[Opening Information shown section]

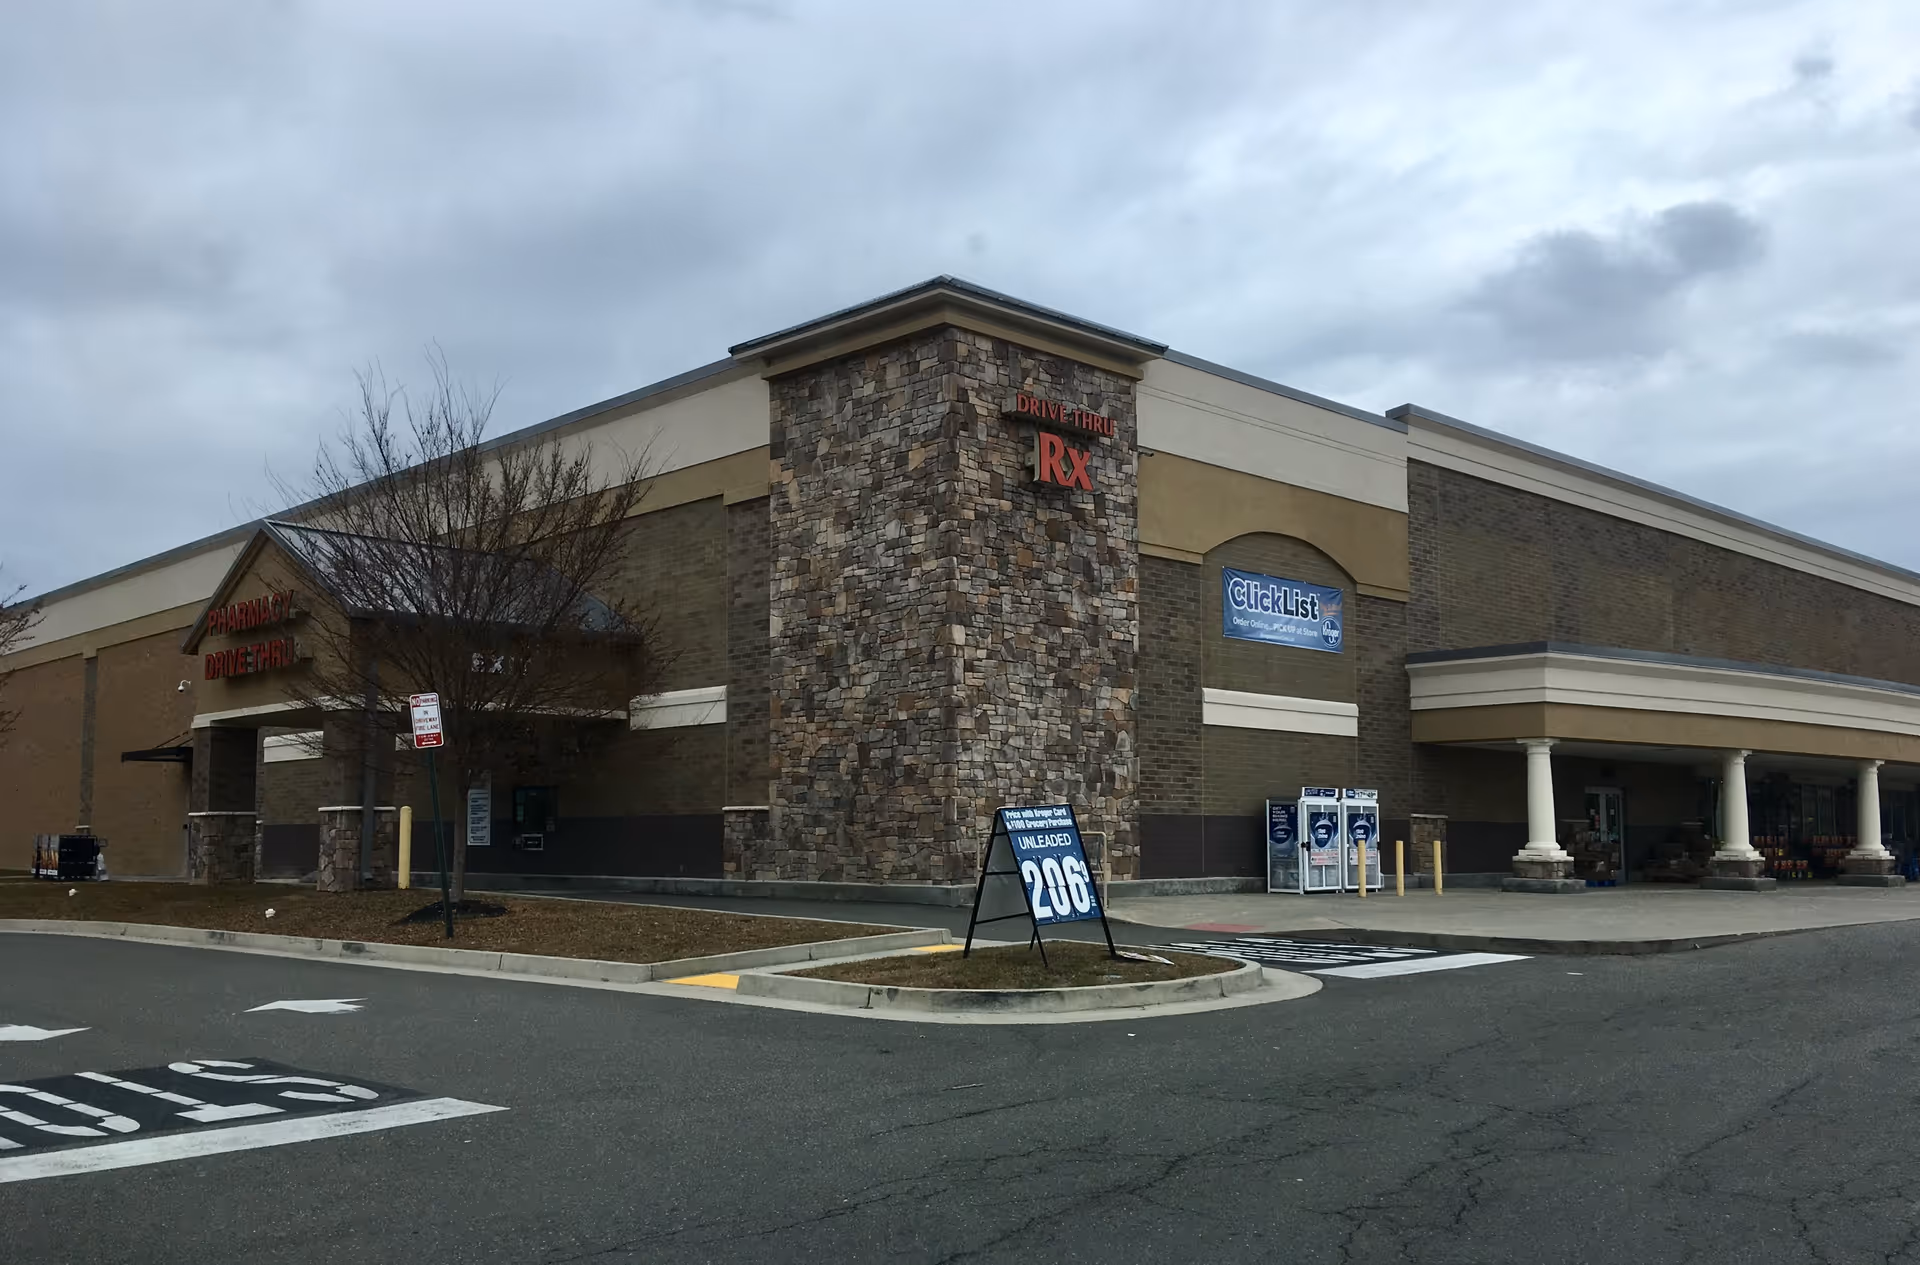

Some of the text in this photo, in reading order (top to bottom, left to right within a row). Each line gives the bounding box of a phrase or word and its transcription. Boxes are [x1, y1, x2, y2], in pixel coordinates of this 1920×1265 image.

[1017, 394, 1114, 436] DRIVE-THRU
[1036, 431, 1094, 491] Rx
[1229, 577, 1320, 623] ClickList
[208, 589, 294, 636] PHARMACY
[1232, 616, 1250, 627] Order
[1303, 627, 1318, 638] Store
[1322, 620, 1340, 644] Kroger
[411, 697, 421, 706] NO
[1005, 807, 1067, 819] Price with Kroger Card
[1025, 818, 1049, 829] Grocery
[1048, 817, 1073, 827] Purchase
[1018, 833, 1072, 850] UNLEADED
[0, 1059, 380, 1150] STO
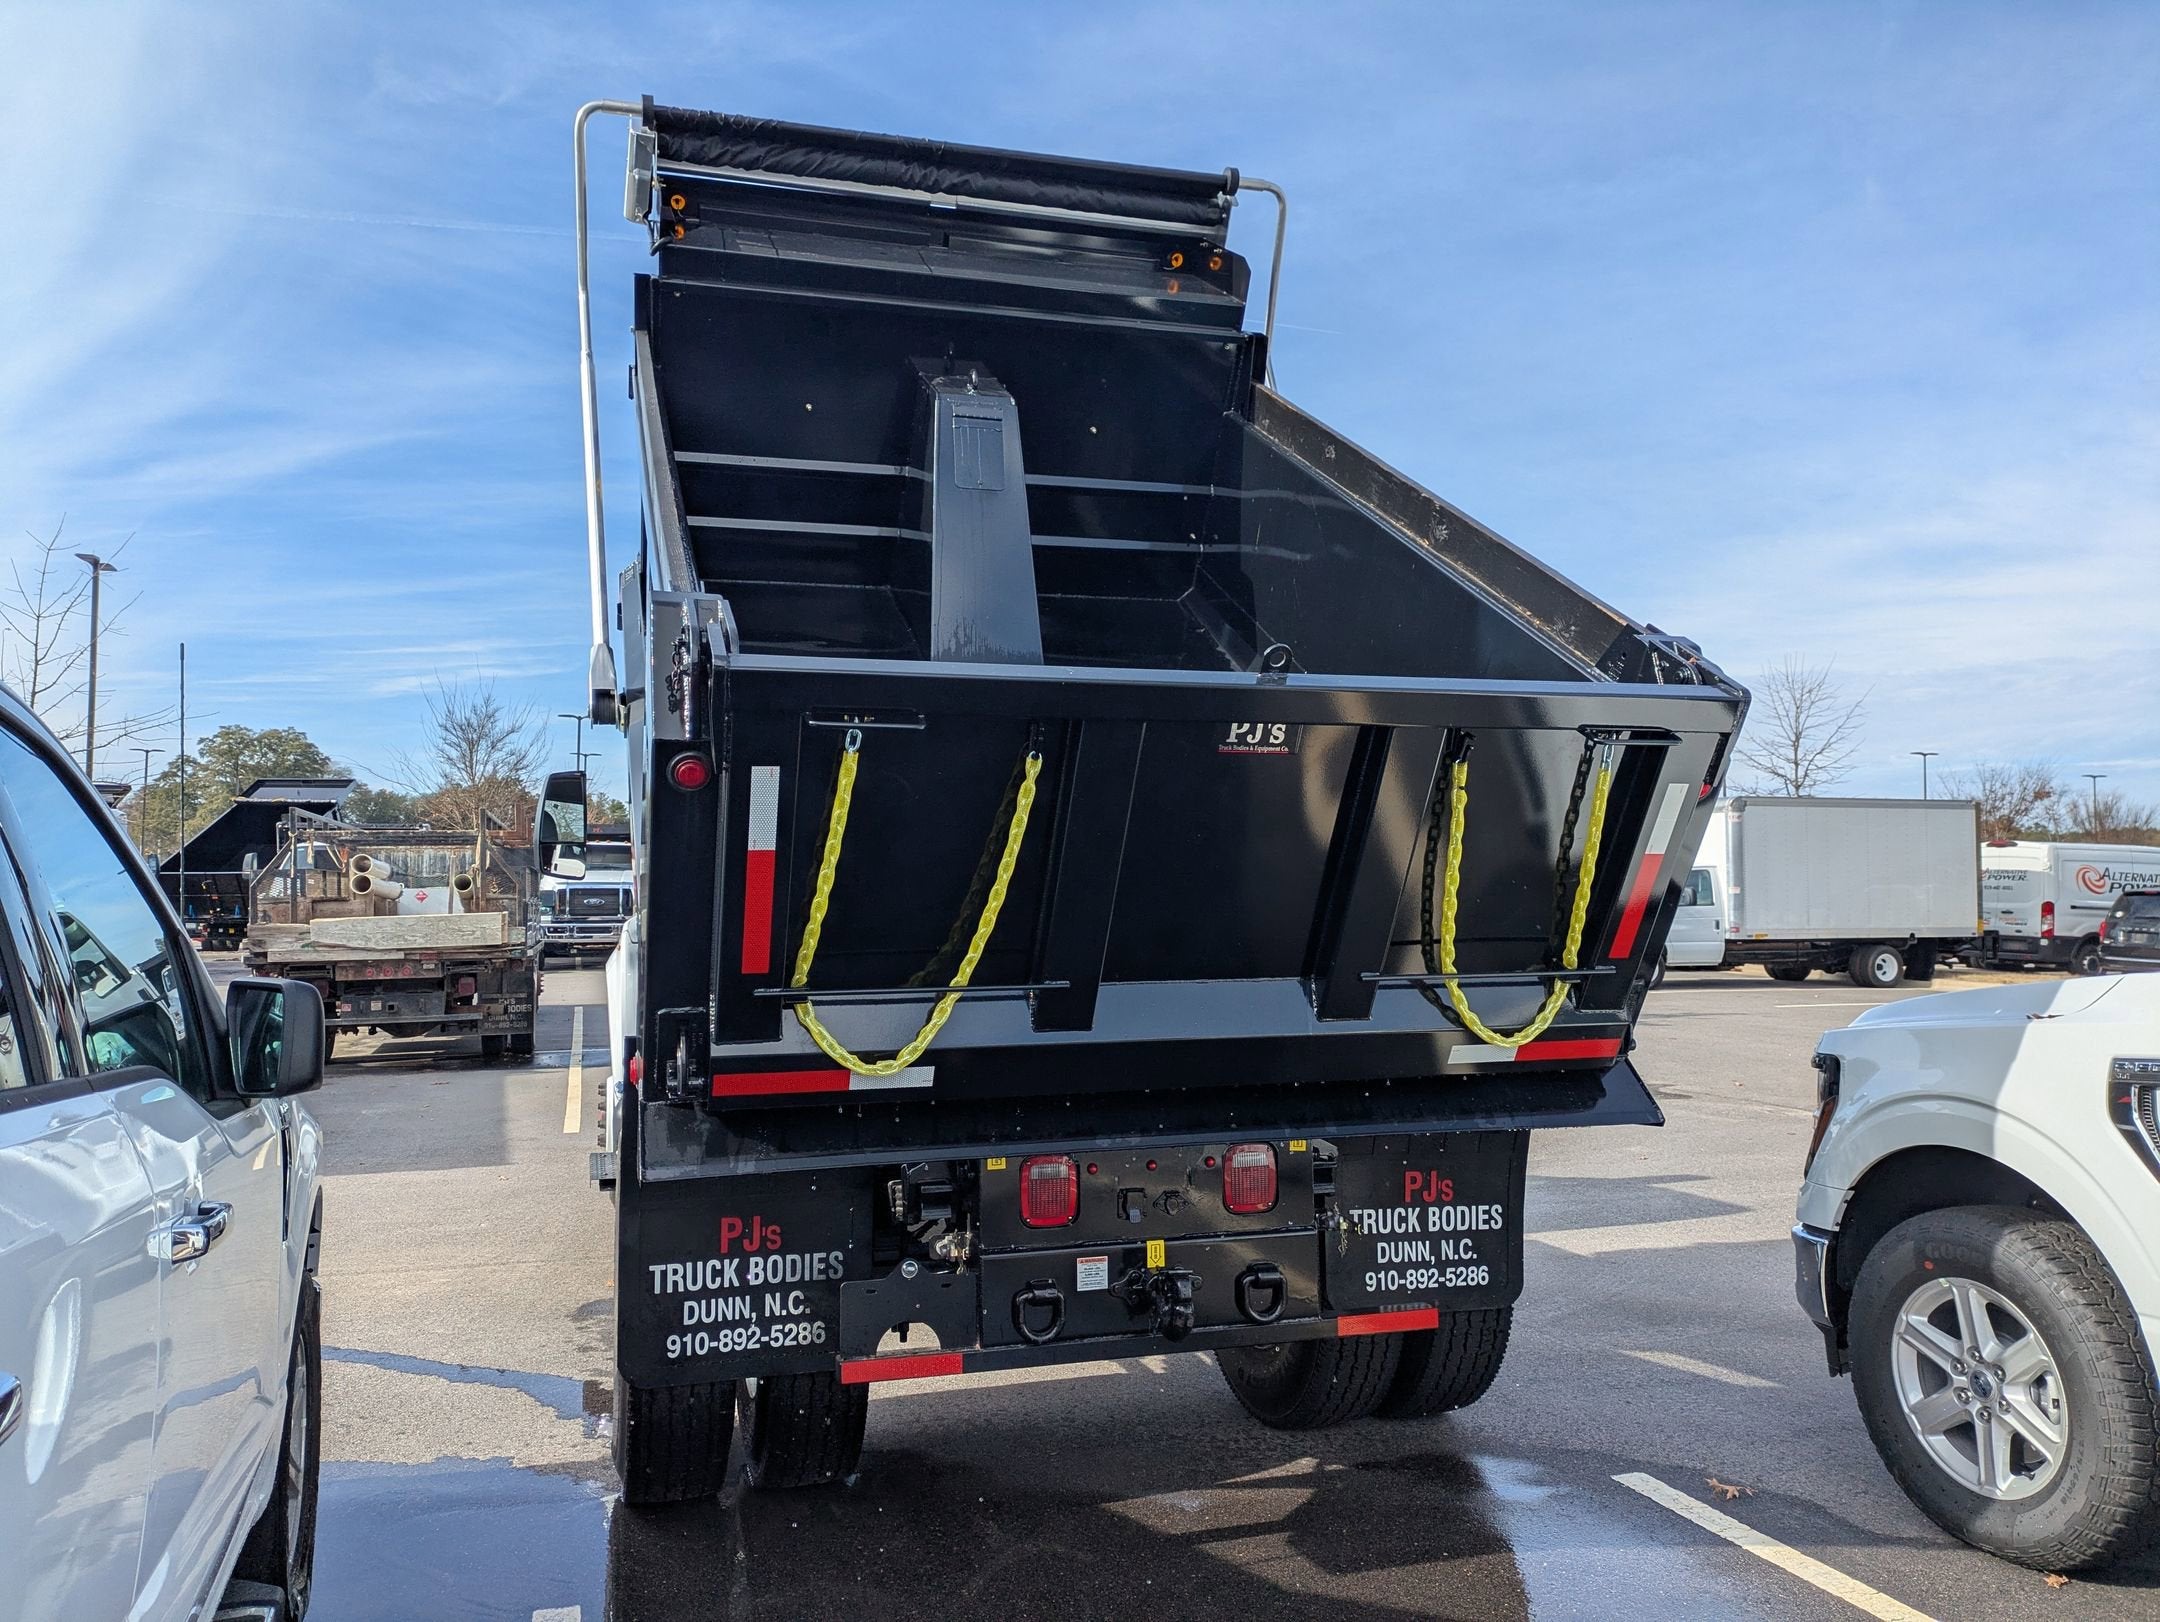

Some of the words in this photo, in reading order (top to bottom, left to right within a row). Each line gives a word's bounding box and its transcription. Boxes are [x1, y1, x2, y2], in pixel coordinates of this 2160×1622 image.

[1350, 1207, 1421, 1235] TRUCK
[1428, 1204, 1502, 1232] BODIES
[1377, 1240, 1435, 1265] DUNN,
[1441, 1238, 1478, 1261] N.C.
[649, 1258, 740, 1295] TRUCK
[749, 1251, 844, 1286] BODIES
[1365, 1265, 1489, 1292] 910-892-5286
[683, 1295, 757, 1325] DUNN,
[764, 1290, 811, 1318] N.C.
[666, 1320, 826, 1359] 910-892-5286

[Closing Information shown section]

◆ Task instructions ◆
Please write out, exactly as they appear, the line that contains "Some of the words" and every line after it up to the end of the entries above, and no others.

◆ Task answer ◆
Some of the words in this photo, in reading order (top to bottom, left to right within a row). Each line gives a word's bounding box and its transcription. Boxes are [x1, y1, x2, y2], in pixel coordinates of this 2160×1622 image.

[1350, 1207, 1421, 1235] TRUCK
[1428, 1204, 1502, 1232] BODIES
[1377, 1240, 1435, 1265] DUNN,
[1441, 1238, 1478, 1261] N.C.
[649, 1258, 740, 1295] TRUCK
[749, 1251, 844, 1286] BODIES
[1365, 1265, 1489, 1292] 910-892-5286
[683, 1295, 757, 1325] DUNN,
[764, 1290, 811, 1318] N.C.
[666, 1320, 826, 1359] 910-892-5286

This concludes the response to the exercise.